True-life tales of what not to do to your database!
Halloween is that frightening time of the year when the veil between the well-ordered world of DevOps and the dark chthonic void of dev/null is thinnest. When chaos monkeys reign supreme and Site Reliability Engineers lock the doors and bolt the shutters.
Today we will share with you true life NoSQL horror stories our engineers have seen and witnessed in the world of big data. But be forewarned! What you are about to read may just make you shudder deep down to your very hyperthreaded cores.
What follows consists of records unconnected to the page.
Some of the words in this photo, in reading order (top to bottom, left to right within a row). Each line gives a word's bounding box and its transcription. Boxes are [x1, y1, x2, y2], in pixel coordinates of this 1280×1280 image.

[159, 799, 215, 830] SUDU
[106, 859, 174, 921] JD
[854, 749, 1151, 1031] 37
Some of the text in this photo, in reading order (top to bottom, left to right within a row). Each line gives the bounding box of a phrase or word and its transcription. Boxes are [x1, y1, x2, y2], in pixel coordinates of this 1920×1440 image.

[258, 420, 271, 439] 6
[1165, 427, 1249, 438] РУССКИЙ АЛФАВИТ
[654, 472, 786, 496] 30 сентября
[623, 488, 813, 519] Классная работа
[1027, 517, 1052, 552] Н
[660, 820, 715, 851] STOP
It was a dark and stormy night…
Picture being a user running in production, expecting enterprise grade scalability and stability, frenetically complaining nodes are being “terminated”… and then you wake up in a cold sweat realizing you only provisioned spot instances!!!
…
Or that one day, you have a boolean column, but belatedly realize when you make a secondary index that you just created terabytes of data split in two huge partitions!!!
…
Imagine you have the idea to push your client application with maximum parallelism. Unlimited parallelism! “They called me mad! But I’ll show them! Mwah hah hah!” Only then you discover how unlimited parallelism creates a death spiral, generating queuing where final query latency is equal to its own latency plus the sum of latencies of all requests it’s behind in the queue!!!
…
Then there was the time that poor soul used the same disk for data as the OS/root drive.
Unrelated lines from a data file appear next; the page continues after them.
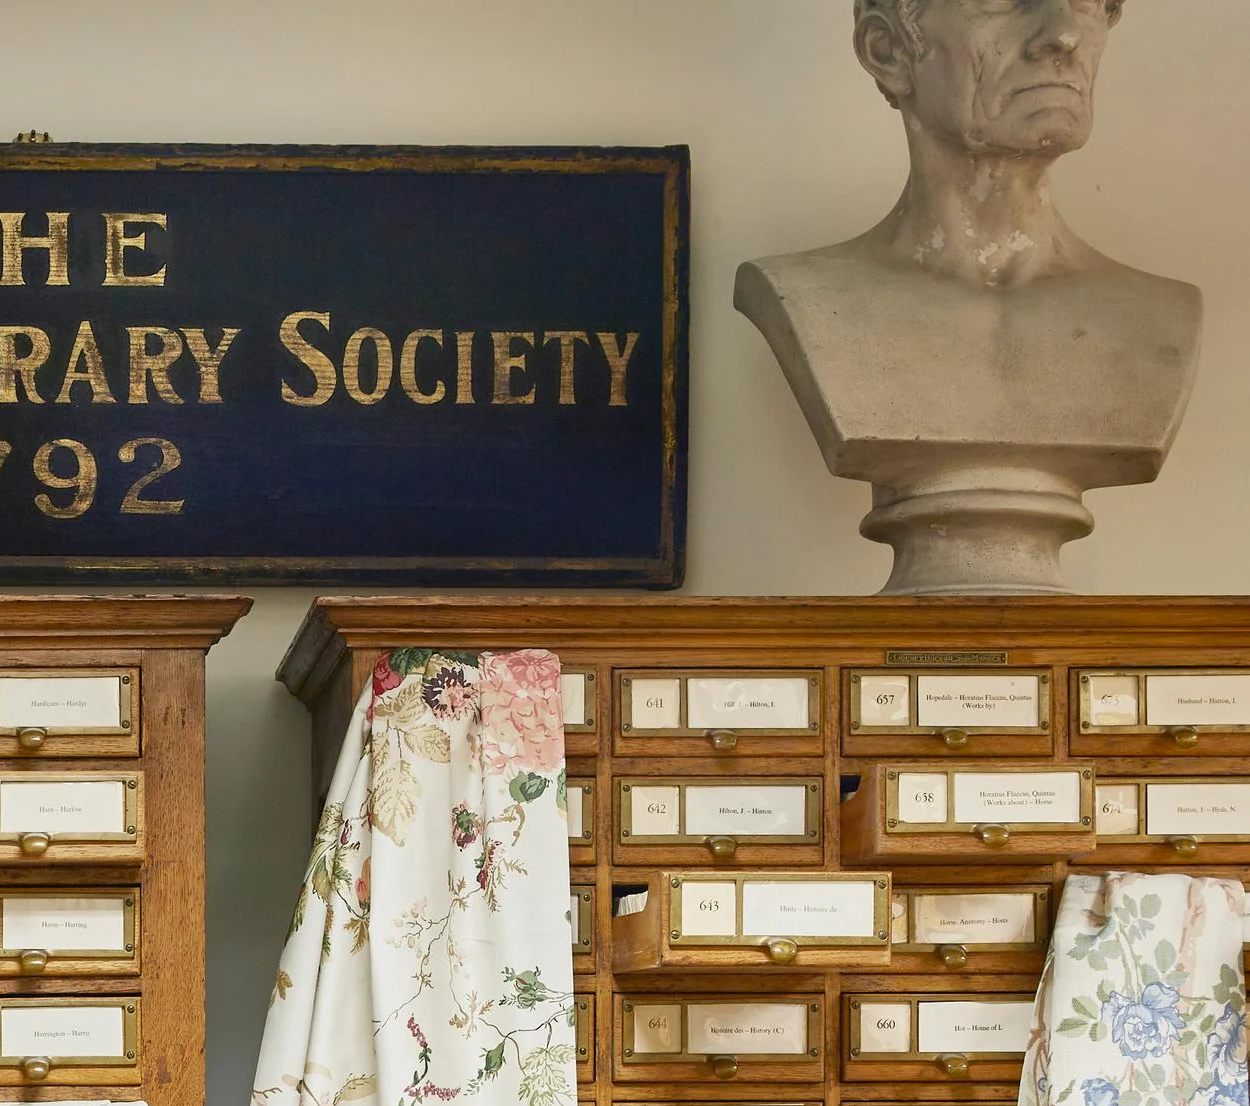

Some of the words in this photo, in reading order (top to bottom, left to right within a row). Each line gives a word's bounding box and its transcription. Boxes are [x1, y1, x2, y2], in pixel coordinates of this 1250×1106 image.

[280, 311, 637, 405] SOCIETY
[646, 697, 663, 709] 641
[876, 694, 895, 705] 657
[926, 693, 953, 703] Hopedale
[1008, 694, 1033, 702] Quintus
[984, 702, 996, 711] by)
[647, 802, 666, 814] 642
[699, 900, 720, 911] 643
[876, 1018, 896, 1030] 660
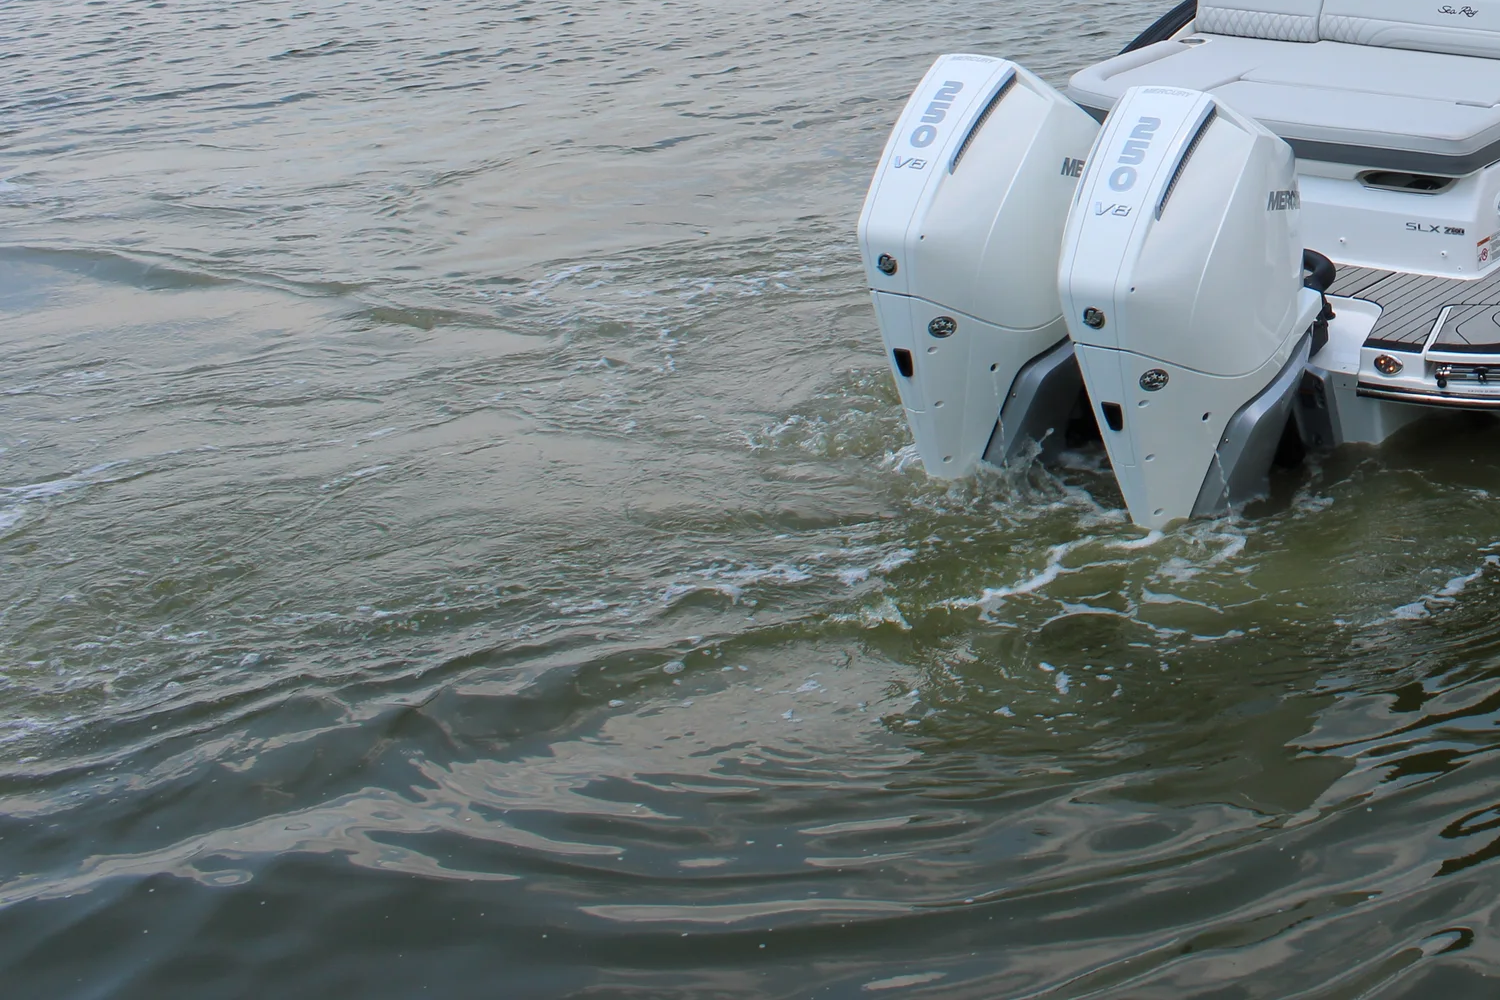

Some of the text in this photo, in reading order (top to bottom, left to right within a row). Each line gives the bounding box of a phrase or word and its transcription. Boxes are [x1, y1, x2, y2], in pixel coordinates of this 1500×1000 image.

[1437, 5, 1479, 18] Sea Ray
[910, 80, 964, 148] 250
[1108, 116, 1162, 192] 250
[894, 155, 928, 170] V8
[1060, 156, 1086, 178] ME
[1095, 201, 1132, 217] V8
[1405, 221, 1440, 234] SLX
Save Yourself While You Can!
Sadly, it is already too late for some developers. They plunged themselves into nightmarish situations from which their sanity can never fully recover, even if their data has been. Yet it’s not too late for you, dear reader, to think about how you can avoid the same fate.
…
Never create a huge Cartesian product by concatenating multiple IN conditions in a single query. This path only leads to madness!
…
Also, be wary of that innocuous soul from IT who “just wants to shutdown unused instances,” but ends up killing your production instances! (It was just an accident, wasn’t it?)
…
You’ve always wanted to have that viral success. And you finally get it. But then the users… They won’t stop! They. Just. Keep. Coming! All targeting that one hot partition (Read our related horror story on the Dress that Broke the Internet here.)
…
So, “ah hah!” you think. You’ll just redesign your database to have a cache in front of it. This time, you swear, things will be different! Then — the cache goes out of sync with the database! (We have heard horror stories of caches and databases so often we wrote this white paper on why it’s a bad idea.)
…
Perhaps disaster strikes. A catastrophic outage. But “Don’t panic!” you tell your team, “We religiously keep backups.” They relax a little. Until everyone realizes they actually never had enough time to test the backups or work out precise procedures on how to restore!
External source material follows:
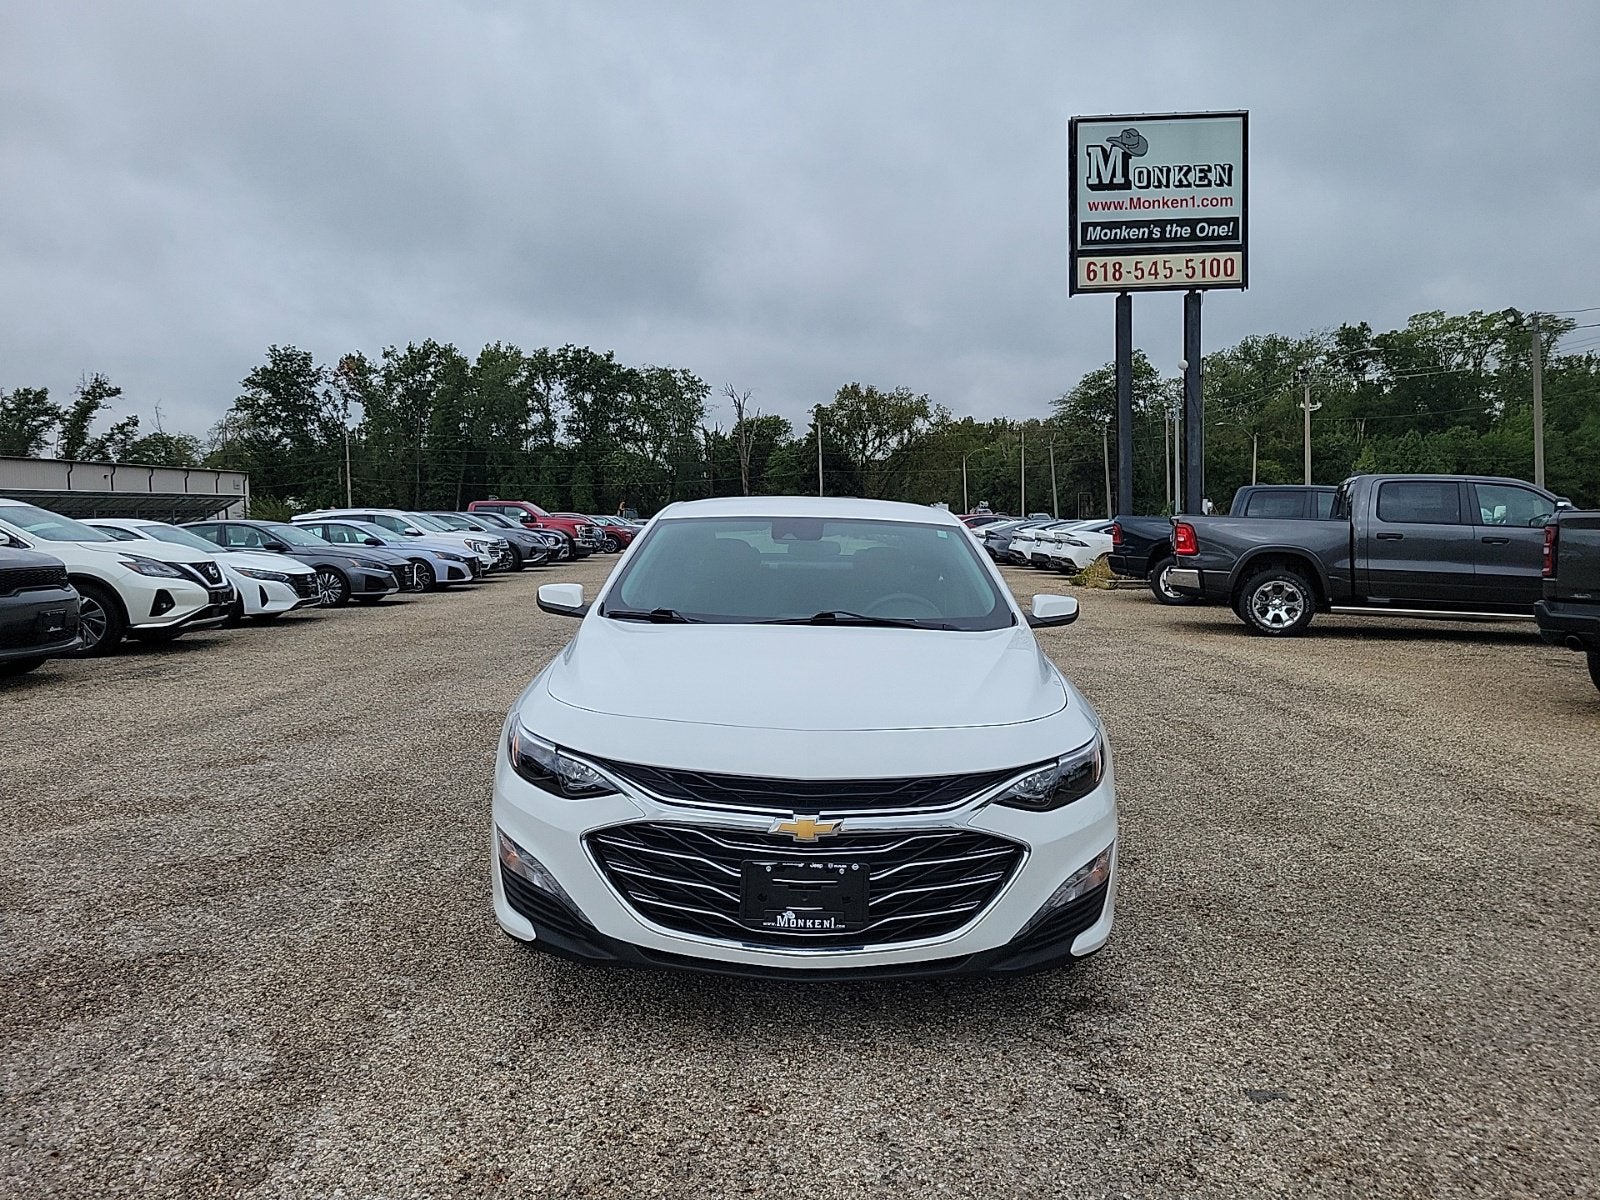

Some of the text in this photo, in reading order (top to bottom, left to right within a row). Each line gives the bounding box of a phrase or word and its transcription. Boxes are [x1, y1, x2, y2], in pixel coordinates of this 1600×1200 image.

[1087, 195, 1233, 212] www.Monken1.com
[1086, 221, 1234, 241] Monken's the One!
[1086, 256, 1235, 282] 618-545-5100
The feeling when you discover your multi-AZ deployment was actually done within the same AZ.
Don’t Open That Door to the Basement!
There are many more stories of woe deep in the trenches of NoSQL. Here’s a few more brief examples of what NOT to do:
- EBS isn’t a panacea. Guess what? You got an email that your block storage got erased
- Wish
DROP_TABLE
no longer had autocomplete and that you’d put your fingers on a diet? - Selecting a smaller replication factor, thinking that makes a really good savings plan, until it’s not… AT ALL!
- Keeping your database on a spot instance for cost savings, until you discover it has downsides too.
- Data necromancy. Because data resurrection with a log structured merge tree is as frightening as resurrection of the dead.
- Misusing the TTL (Time To Live) attribute, by either setting it to `0` and never deleting any data (uh-oh – storage bloat!) or setting it to a wrong small value and having some data deleted too early… (where did my data go??)